Synthesis of high oxidase-like activity palladium-graphene quantum dot-N-doped porous carbon nanozymes for colorimetric detection of nitrite

Abstract

The synthesis of palladium-based nanozymes with high catalytic activity for nitrite detection remains challenging. Herein, we report a novel palladium-tryptophan-functionalized graphene quantum dot-N-doped porous carbon composite (Pd-Try-GQD-NPC). The composite was synthesized by coordinating Try-GQDs with palladium ions, followed by mixing with chitosan, freeze-drying, and thermal reduction.
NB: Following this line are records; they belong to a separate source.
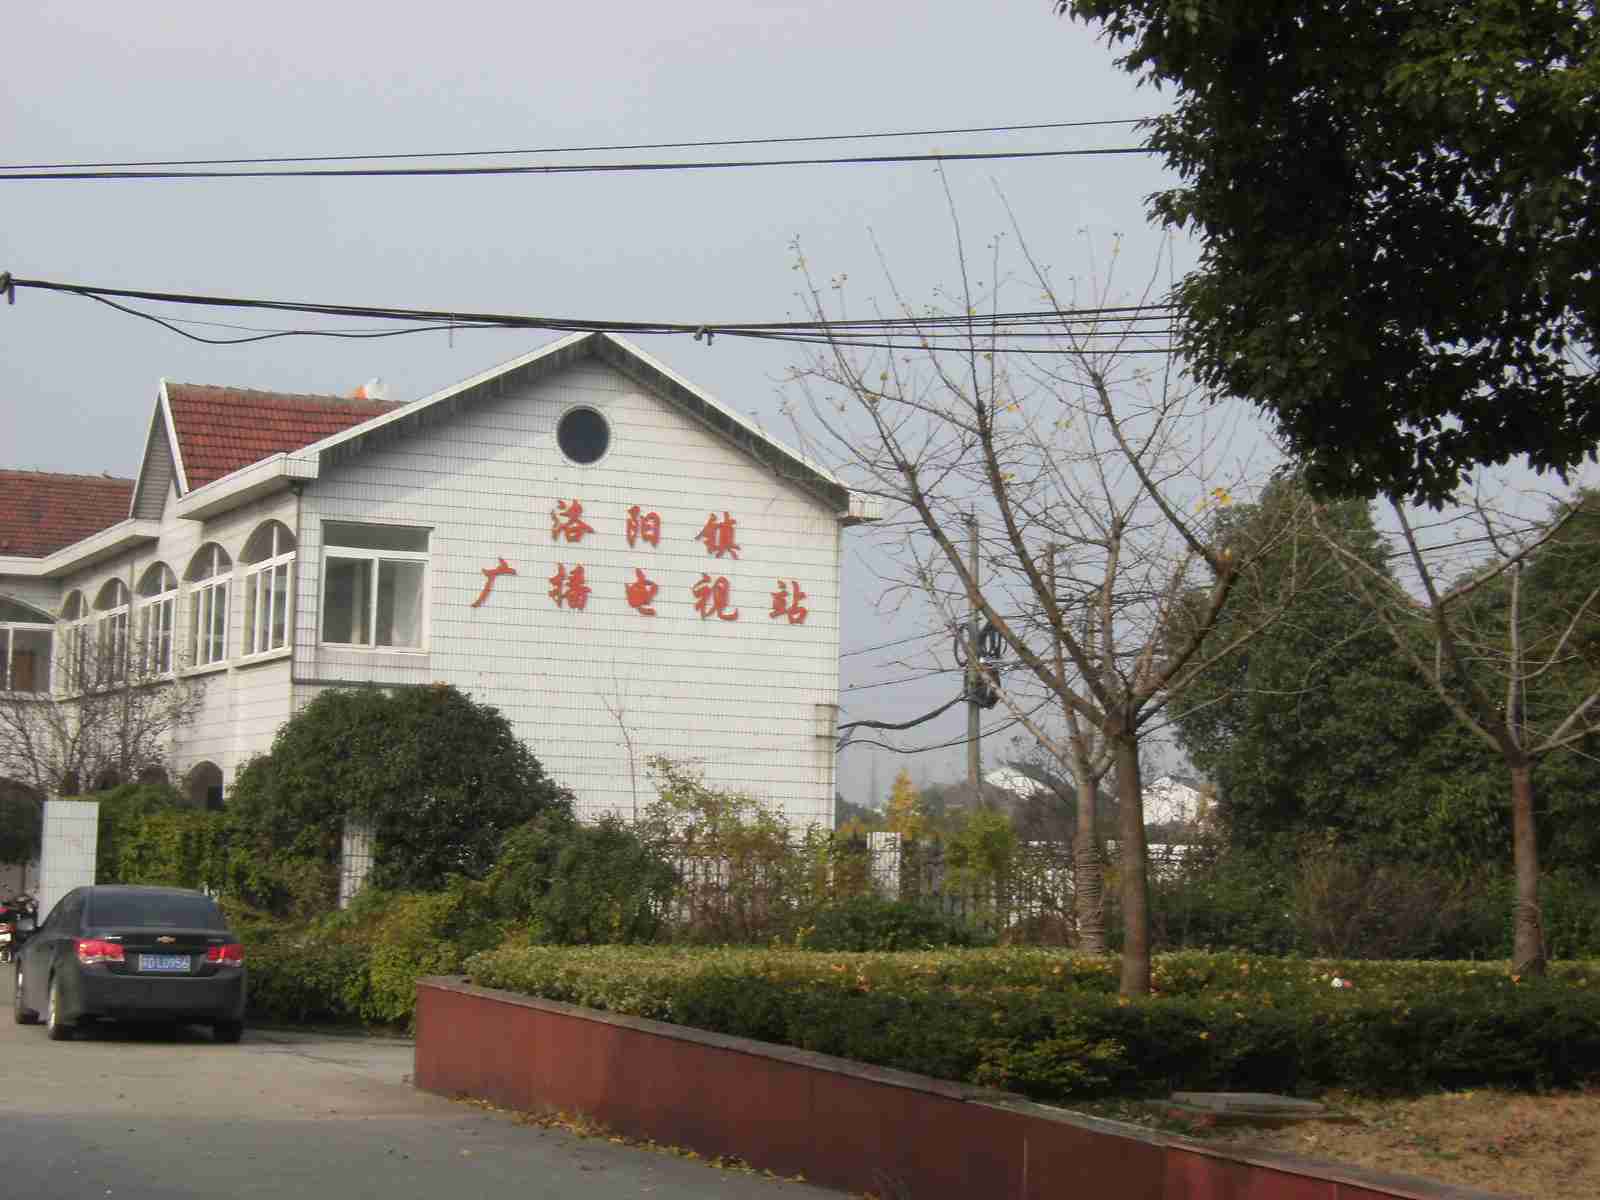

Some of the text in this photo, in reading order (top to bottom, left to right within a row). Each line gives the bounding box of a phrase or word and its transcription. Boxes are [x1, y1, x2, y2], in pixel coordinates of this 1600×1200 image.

[550, 498, 740, 560] 洛阳镇
[471, 557, 808, 624] 广播电视站
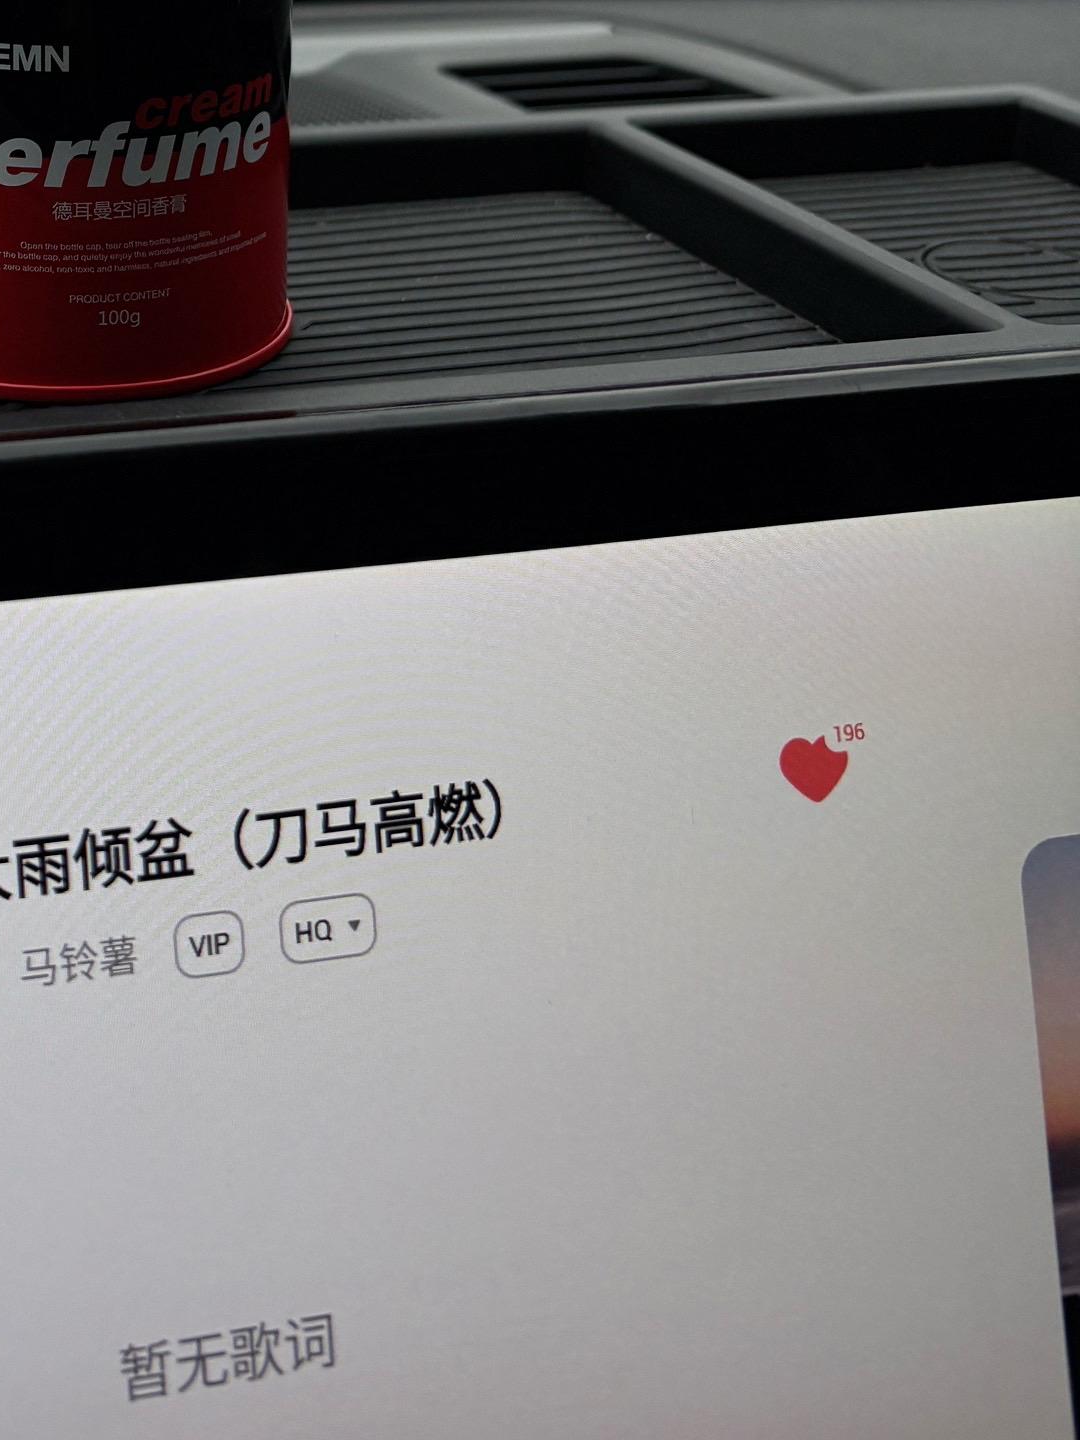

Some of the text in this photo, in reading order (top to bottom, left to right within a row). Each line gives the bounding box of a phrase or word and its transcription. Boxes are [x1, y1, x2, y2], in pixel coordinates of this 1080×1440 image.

[135, 72, 273, 129] cream
[52, 194, 187, 222] 德耳曼空间香膏
[3, 250, 16, 259] the
[17, 251, 41, 260] bottle
[42, 254, 61, 262] cap,
[133, 250, 147, 258] the
[19, 241, 43, 251] Open
[44, 242, 58, 250] the
[60, 243, 84, 251] bottle
[123, 240, 134, 249] off
[3, 263, 21, 271] zero
[22, 264, 55, 274] alcohol,
[96, 265, 113, 273] and
[68, 288, 171, 304] PRODUCT CONTENT
[98, 309, 141, 327] 100g
[833, 722, 866, 743] 196
[294, 917, 334, 945] HQ
[188, 932, 231, 959] VIP
[21, 936, 138, 987] 马铃薯
[120, 1313, 336, 1402] 暂无歌词
The resulting Pd-Try-GQD-NPC exhibits a three-dimensional porous network structure, with small-sized Pd nanoparticles uniformly dispersed on carbon sheets. This unique structure contributes to the enhanced oxidase-like activity of Pd-Try-GQD-NPC, with K_m, V_max and K_cat/K_m values of 0.28 mM, 7.96 × 10⁻⁸ M s⁻¹ and 57.1 M⁻¹ s⁻¹. Furthermore, a colorimetric sensor was constructed based on Pd-Try-GQD-NPC for the determination of nitrite. Pd-Try-GQD-NPC catalyzes the oxidation of TMB to form a blue TMB complex, which shows a strong absorption peak at 652 nm. In the presence of nitrite, the TMB complex undergoes further oxidation to generate yellow diazotized oxTMB, resulting in a decrease in absorbance at 652 nm accompanied by an enhancement of the absorbance at 445 nm. The A₆₅₂/A₄₄₅ ratio decreases with increasing nitrite concentration in the range of 0.5–500 μM, with a detection limit of 0.11 μM. The developed colorimetric method has been successfully applied to the determination of nitrite in cabbage and water samples.